**Work required:**
Could you return every record below exactly as it stands, leaving out the pictures?

**Data for analysis:**
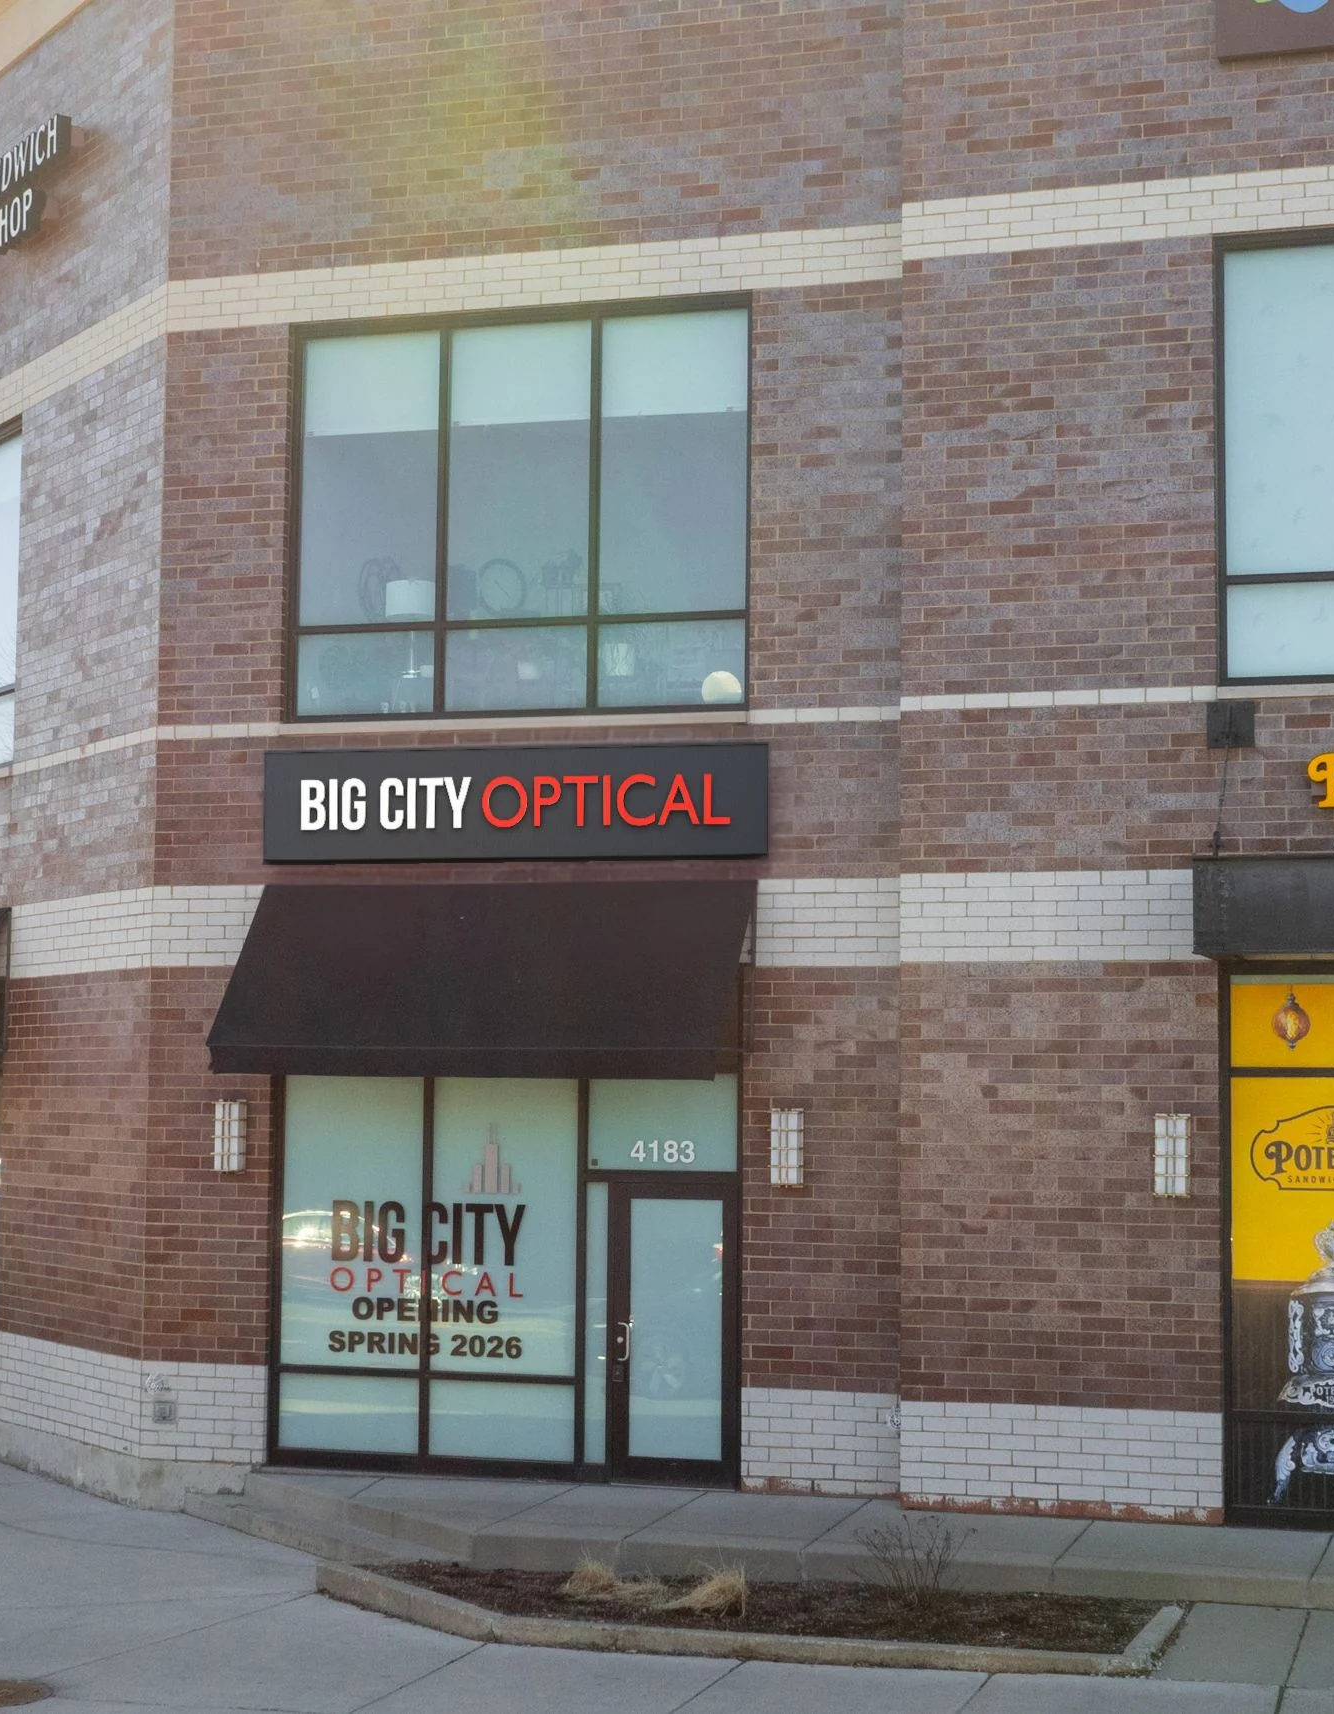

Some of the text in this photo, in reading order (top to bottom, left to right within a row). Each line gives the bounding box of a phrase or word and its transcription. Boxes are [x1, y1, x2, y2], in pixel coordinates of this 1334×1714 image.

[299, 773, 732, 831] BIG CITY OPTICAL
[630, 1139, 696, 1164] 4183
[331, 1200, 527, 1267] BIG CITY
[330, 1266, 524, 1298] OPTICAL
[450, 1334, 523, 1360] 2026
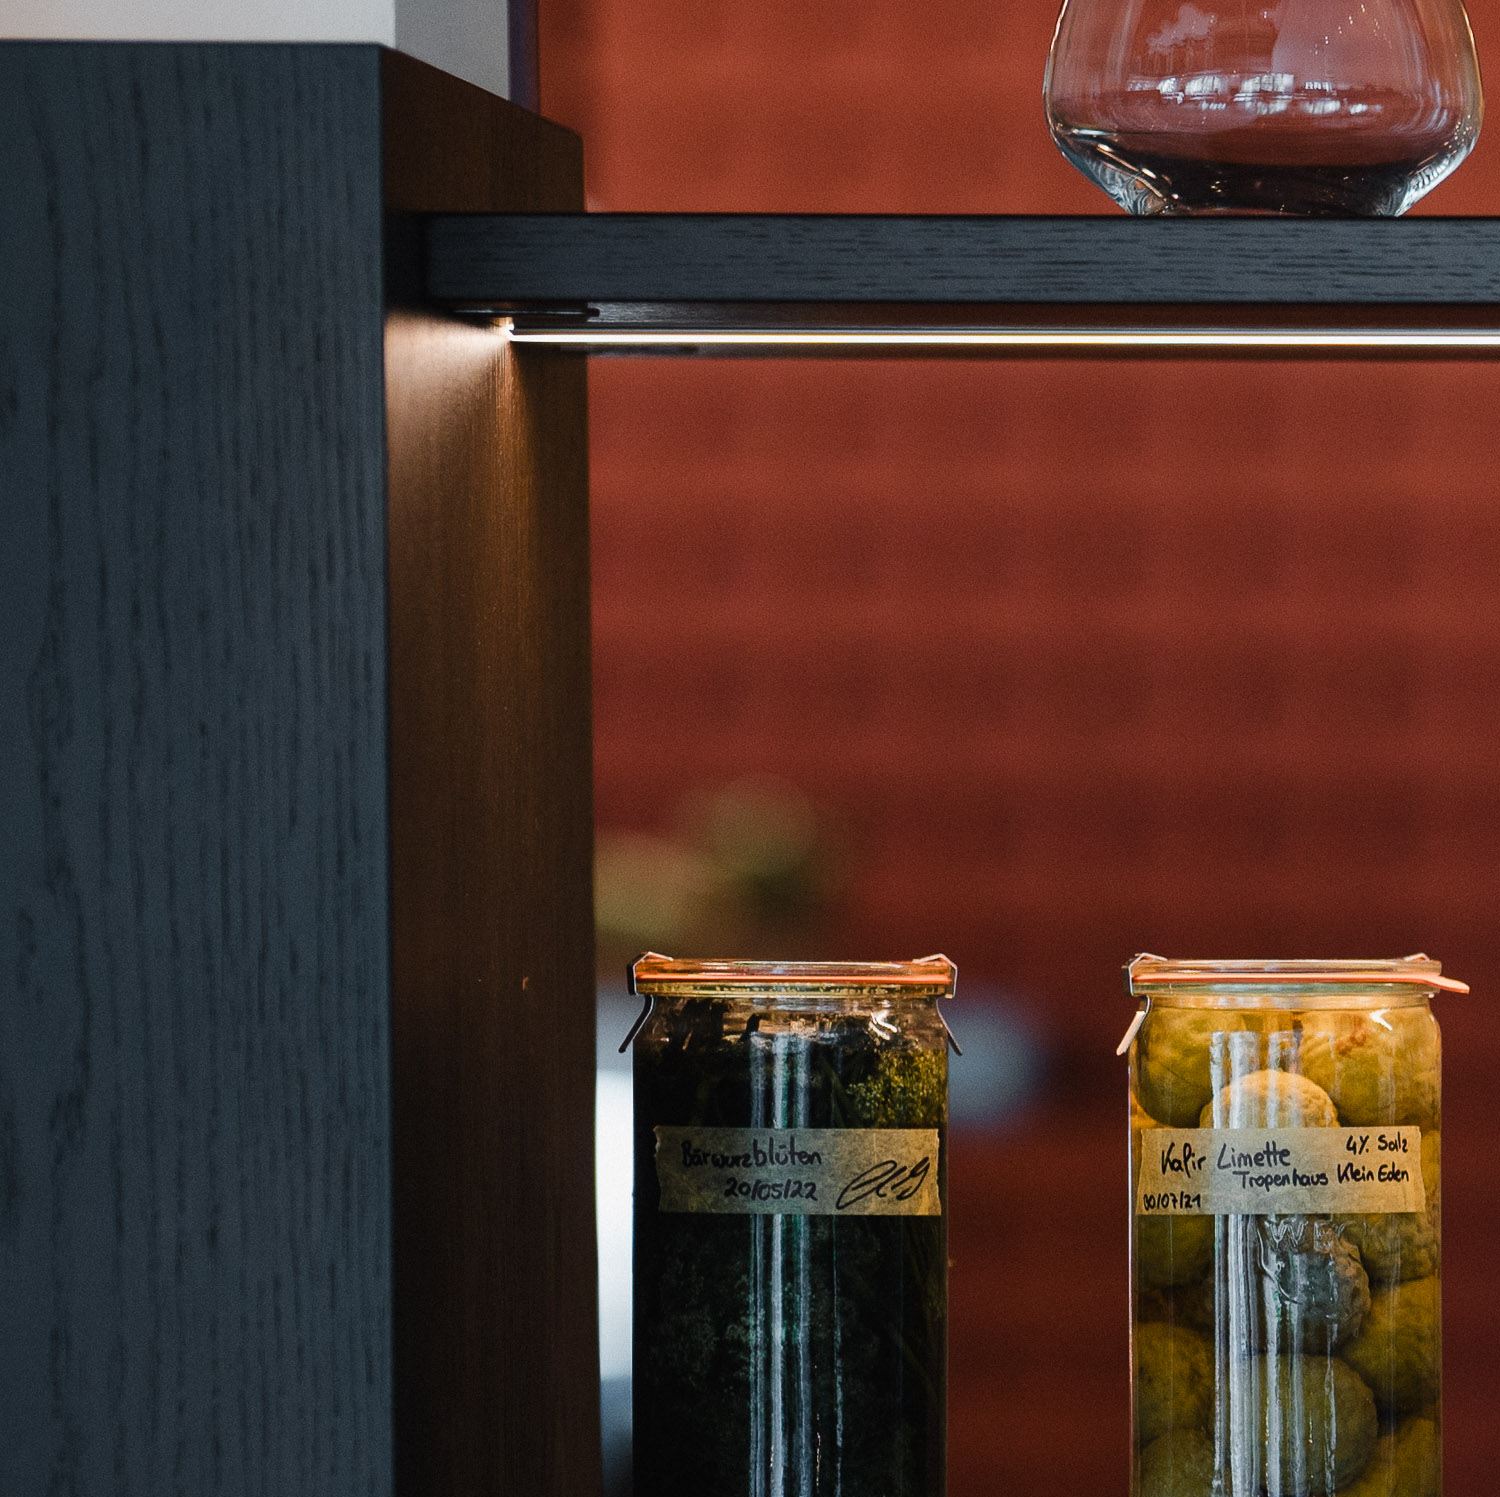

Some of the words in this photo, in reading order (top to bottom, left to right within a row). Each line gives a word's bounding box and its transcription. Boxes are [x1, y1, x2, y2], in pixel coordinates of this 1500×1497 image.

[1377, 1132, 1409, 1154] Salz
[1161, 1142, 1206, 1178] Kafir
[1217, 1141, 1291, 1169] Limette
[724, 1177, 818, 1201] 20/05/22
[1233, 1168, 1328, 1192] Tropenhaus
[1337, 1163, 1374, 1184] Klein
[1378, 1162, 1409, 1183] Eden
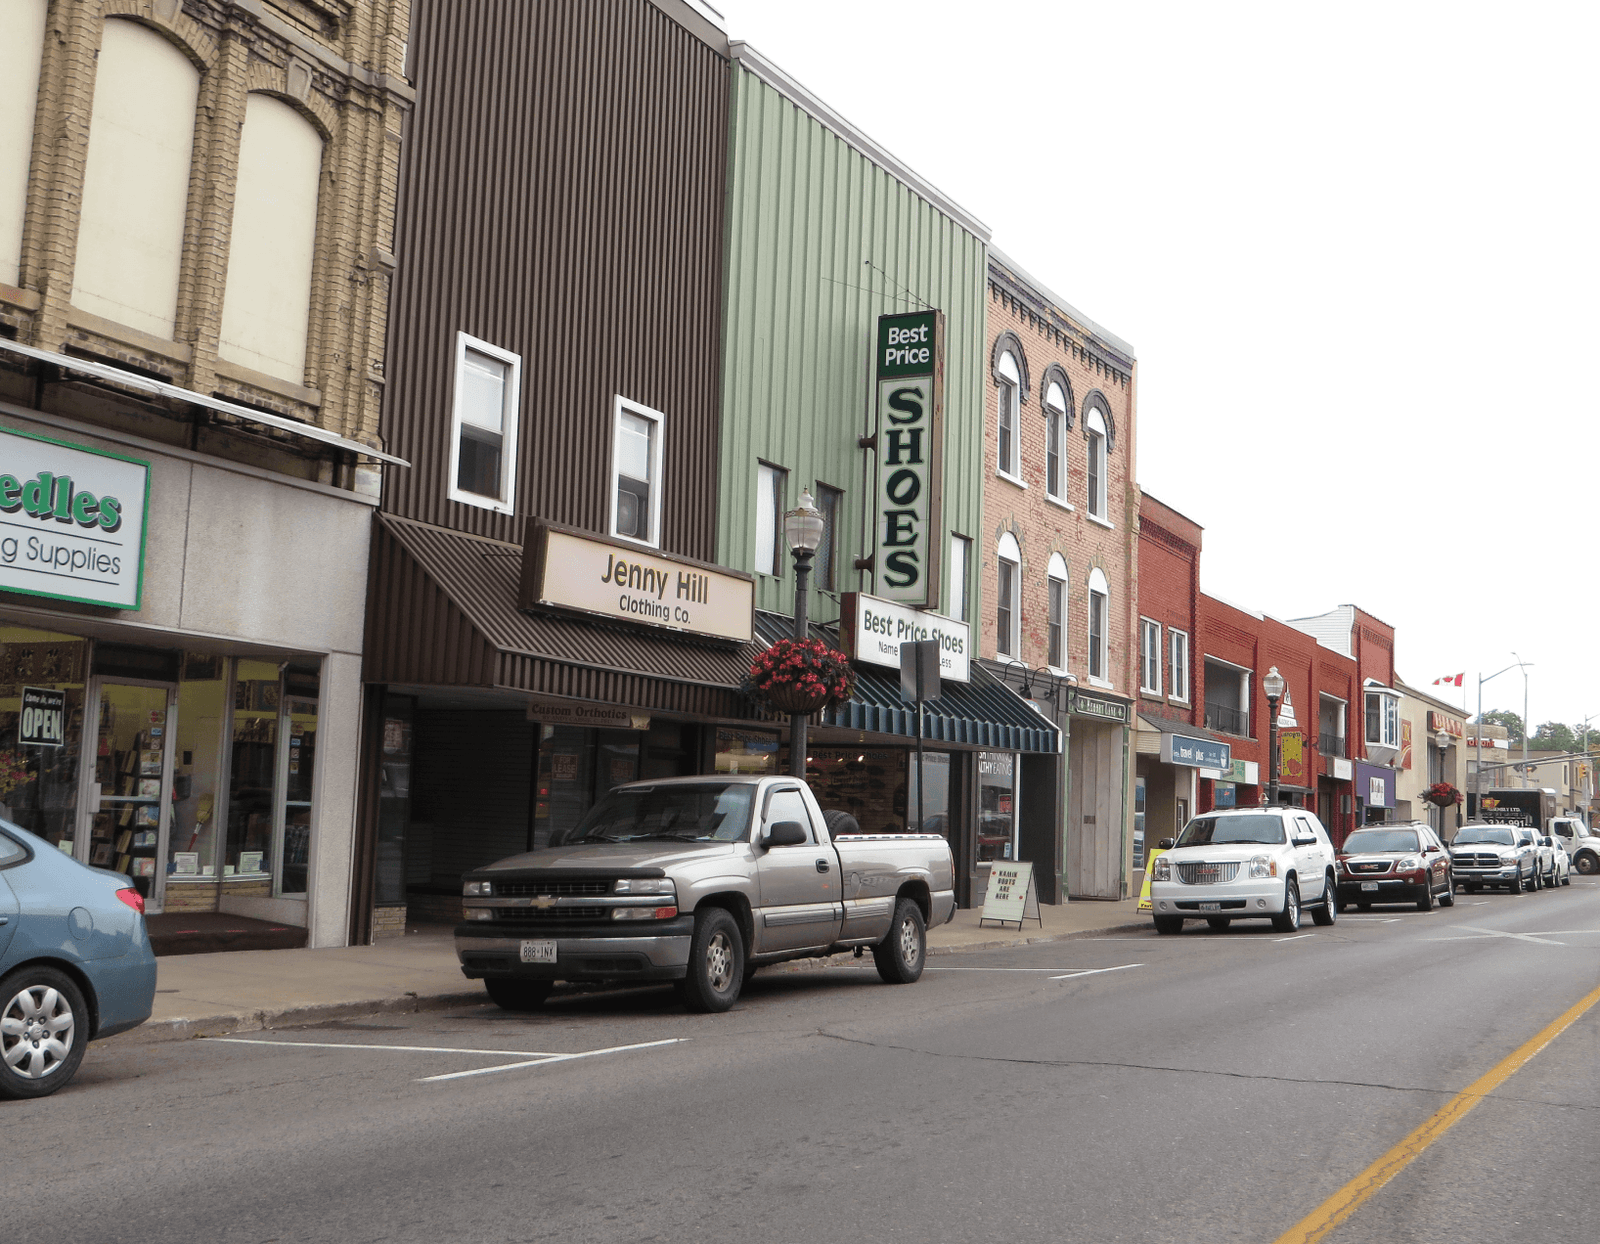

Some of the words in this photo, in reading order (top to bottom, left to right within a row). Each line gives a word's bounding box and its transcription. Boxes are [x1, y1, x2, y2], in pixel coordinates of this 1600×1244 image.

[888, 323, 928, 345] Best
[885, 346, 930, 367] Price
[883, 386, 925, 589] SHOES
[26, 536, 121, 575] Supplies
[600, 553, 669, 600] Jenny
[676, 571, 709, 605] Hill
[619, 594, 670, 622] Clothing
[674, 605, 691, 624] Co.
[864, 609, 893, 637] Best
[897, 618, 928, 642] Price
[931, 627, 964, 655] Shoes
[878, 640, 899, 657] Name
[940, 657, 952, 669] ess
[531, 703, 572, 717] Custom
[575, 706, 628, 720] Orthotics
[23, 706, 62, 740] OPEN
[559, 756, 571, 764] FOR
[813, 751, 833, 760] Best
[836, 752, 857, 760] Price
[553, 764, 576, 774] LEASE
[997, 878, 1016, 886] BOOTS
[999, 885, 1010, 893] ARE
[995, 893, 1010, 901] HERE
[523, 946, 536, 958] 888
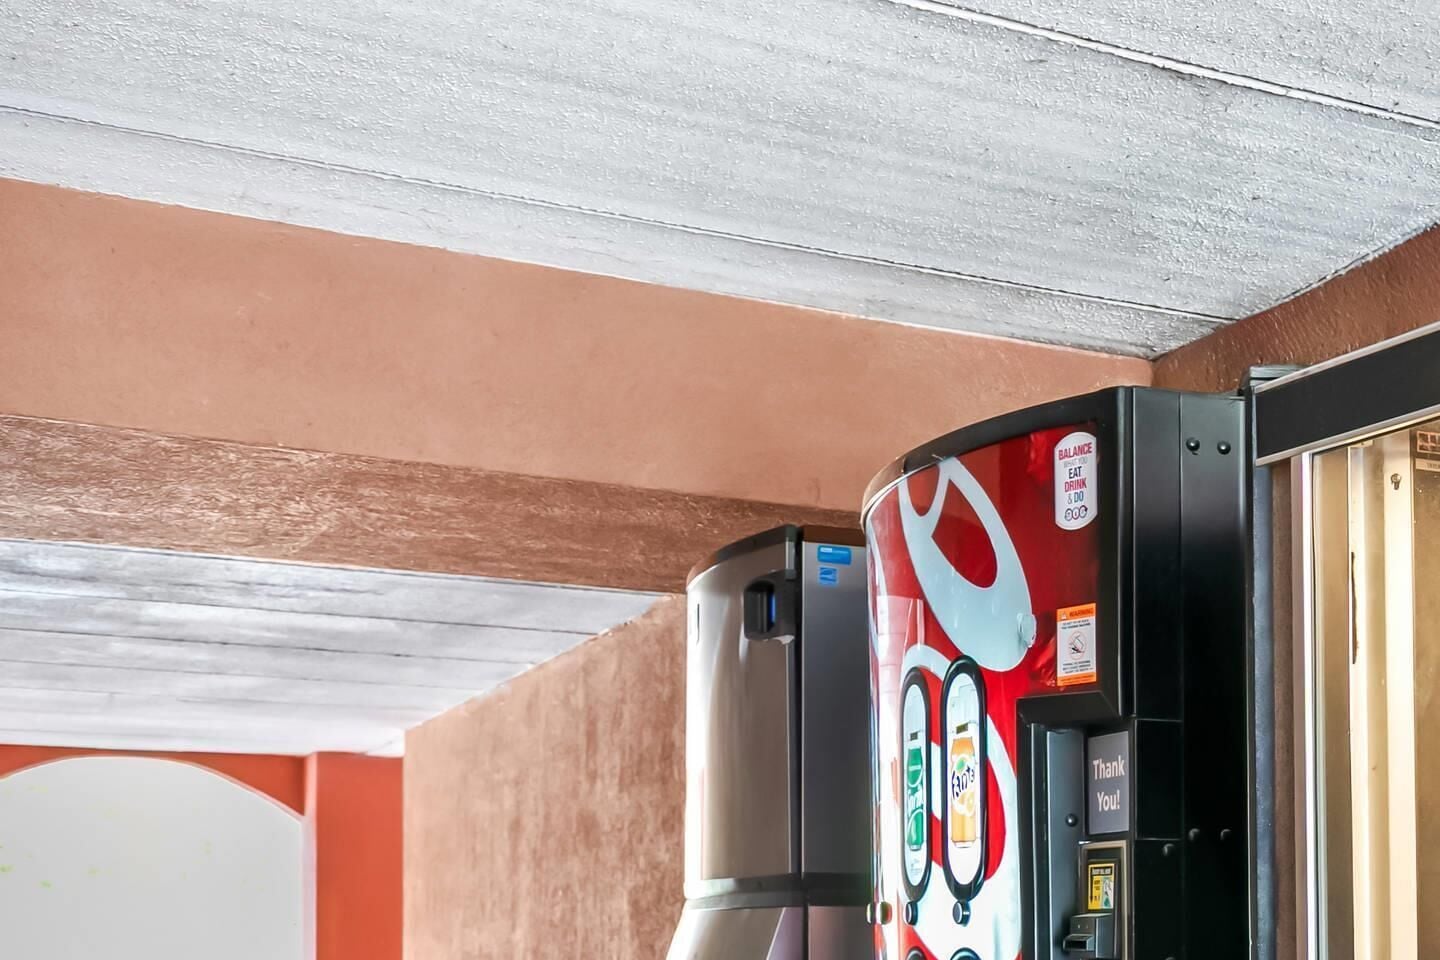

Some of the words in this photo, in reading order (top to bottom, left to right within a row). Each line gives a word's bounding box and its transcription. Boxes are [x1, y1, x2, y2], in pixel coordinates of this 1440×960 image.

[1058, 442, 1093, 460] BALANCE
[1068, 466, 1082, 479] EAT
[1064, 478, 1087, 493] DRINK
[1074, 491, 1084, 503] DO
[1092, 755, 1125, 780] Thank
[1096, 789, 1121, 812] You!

**Exercise result:**
Some of the text in this photo, in reading order (top to bottom, left to right within a row). Each line gives the bounding box of a phrase or word and its transcription. Boxes are [x1, y1, x2, y2], in pixel coordinates of this 1334×1714 image.

[299, 773, 732, 831] BIG CITY OPTICAL
[630, 1139, 696, 1164] 4183
[331, 1200, 527, 1267] BIG CITY
[330, 1266, 524, 1298] OPTICAL
[450, 1334, 523, 1360] 2026

Some of the words in this photo, in reading order (top to bottom, left to right within a row). Each line gives a word's bounding box and its transcription. Boxes are [x1, y1, x2, y2], in pixel coordinates of this 1500×1497 image.

[1377, 1132, 1409, 1154] Salz
[1161, 1142, 1206, 1178] Kafir
[1217, 1141, 1291, 1169] Limette
[724, 1177, 818, 1201] 20/05/22
[1233, 1168, 1328, 1192] Tropenhaus
[1337, 1163, 1374, 1184] Klein
[1378, 1162, 1409, 1183] Eden

Some of the words in this photo, in reading order (top to bottom, left to right within a row). Each line gives a word's bounding box and its transcription. Boxes are [x1, y1, x2, y2], in pixel coordinates of this 1600×1244 image.

[888, 323, 928, 345] Best
[885, 346, 930, 367] Price
[883, 386, 925, 589] SHOES
[26, 536, 121, 575] Supplies
[600, 553, 669, 600] Jenny
[676, 571, 709, 605] Hill
[619, 594, 670, 622] Clothing
[674, 605, 691, 624] Co.
[864, 609, 893, 637] Best
[897, 618, 928, 642] Price
[931, 627, 964, 655] Shoes
[878, 640, 899, 657] Name
[940, 657, 952, 669] ess
[531, 703, 572, 717] Custom
[575, 706, 628, 720] Orthotics
[23, 706, 62, 740] OPEN
[559, 756, 571, 764] FOR
[813, 751, 833, 760] Best
[836, 752, 857, 760] Price
[553, 764, 576, 774] LEASE
[997, 878, 1016, 886] BOOTS
[999, 885, 1010, 893] ARE
[995, 893, 1010, 901] HERE
[523, 946, 536, 958] 888

Some of the words in this photo, in reading order (top to bottom, left to right within a row). Each line gives a word's bounding box and its transcription. Boxes are [x1, y1, x2, y2], in pixel coordinates of this 1440×960 image.

[1058, 442, 1093, 460] BALANCE
[1068, 466, 1082, 479] EAT
[1064, 478, 1087, 493] DRINK
[1074, 491, 1084, 503] DO
[1092, 755, 1125, 780] Thank
[1096, 789, 1121, 812] You!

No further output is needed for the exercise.